- TASK DETAILS
Each record has to be returned exactly as it appears.

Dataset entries
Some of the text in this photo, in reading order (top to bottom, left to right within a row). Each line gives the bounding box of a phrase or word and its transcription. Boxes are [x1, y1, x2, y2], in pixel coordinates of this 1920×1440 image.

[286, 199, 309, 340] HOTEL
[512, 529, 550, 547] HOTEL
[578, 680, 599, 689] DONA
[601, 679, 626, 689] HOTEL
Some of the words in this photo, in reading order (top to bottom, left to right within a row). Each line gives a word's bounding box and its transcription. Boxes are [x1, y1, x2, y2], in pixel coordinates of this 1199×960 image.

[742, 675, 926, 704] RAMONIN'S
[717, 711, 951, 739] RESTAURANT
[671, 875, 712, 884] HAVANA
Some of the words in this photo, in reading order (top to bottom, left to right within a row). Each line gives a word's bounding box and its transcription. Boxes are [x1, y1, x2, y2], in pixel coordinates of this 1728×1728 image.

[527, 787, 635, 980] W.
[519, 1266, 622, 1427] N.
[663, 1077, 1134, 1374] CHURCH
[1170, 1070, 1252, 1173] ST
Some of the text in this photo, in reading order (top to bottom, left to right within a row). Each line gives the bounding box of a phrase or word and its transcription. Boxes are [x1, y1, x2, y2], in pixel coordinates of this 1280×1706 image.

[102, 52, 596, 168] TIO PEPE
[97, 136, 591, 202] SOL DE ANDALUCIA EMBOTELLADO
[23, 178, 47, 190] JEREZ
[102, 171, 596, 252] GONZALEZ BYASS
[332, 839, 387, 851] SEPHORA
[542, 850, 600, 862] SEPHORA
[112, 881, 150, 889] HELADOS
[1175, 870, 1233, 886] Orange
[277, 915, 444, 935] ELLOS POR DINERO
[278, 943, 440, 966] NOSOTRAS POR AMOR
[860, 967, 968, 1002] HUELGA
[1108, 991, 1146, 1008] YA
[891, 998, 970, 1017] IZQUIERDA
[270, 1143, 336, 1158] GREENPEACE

- EXPECTED ANSWER
Some of the text in this photo, in reading order (top to bottom, left to right within a row). Each line gives the bounding box of a phrase or word and its transcription. Boxes are [x1, y1, x2, y2], in pixel coordinates of this 1920×1440 image.

[286, 199, 309, 340] HOTEL
[512, 529, 550, 547] HOTEL
[578, 680, 599, 689] DONA
[601, 679, 626, 689] HOTEL
Some of the words in this photo, in reading order (top to bottom, left to right within a row). Each line gives a word's bounding box and its transcription. Boxes are [x1, y1, x2, y2], in pixel coordinates of this 1199×960 image.

[742, 675, 926, 704] RAMONIN'S
[717, 711, 951, 739] RESTAURANT
[671, 875, 712, 884] HAVANA
Some of the words in this photo, in reading order (top to bottom, left to right within a row). Each line gives a word's bounding box and its transcription. Boxes are [x1, y1, x2, y2], in pixel coordinates of this 1728×1728 image.

[527, 787, 635, 980] W.
[519, 1266, 622, 1427] N.
[663, 1077, 1134, 1374] CHURCH
[1170, 1070, 1252, 1173] ST
Some of the text in this photo, in reading order (top to bottom, left to right within a row). Each line gives the bounding box of a phrase or word and its transcription. Boxes are [x1, y1, x2, y2], in pixel coordinates of this 1280×1706 image.

[102, 52, 596, 168] TIO PEPE
[97, 136, 591, 202] SOL DE ANDALUCIA EMBOTELLADO
[23, 178, 47, 190] JEREZ
[102, 171, 596, 252] GONZALEZ BYASS
[332, 839, 387, 851] SEPHORA
[542, 850, 600, 862] SEPHORA
[112, 881, 150, 889] HELADOS
[1175, 870, 1233, 886] Orange
[277, 915, 444, 935] ELLOS POR DINERO
[278, 943, 440, 966] NOSOTRAS POR AMOR
[860, 967, 968, 1002] HUELGA
[1108, 991, 1146, 1008] YA
[891, 998, 970, 1017] IZQUIERDA
[270, 1143, 336, 1158] GREENPEACE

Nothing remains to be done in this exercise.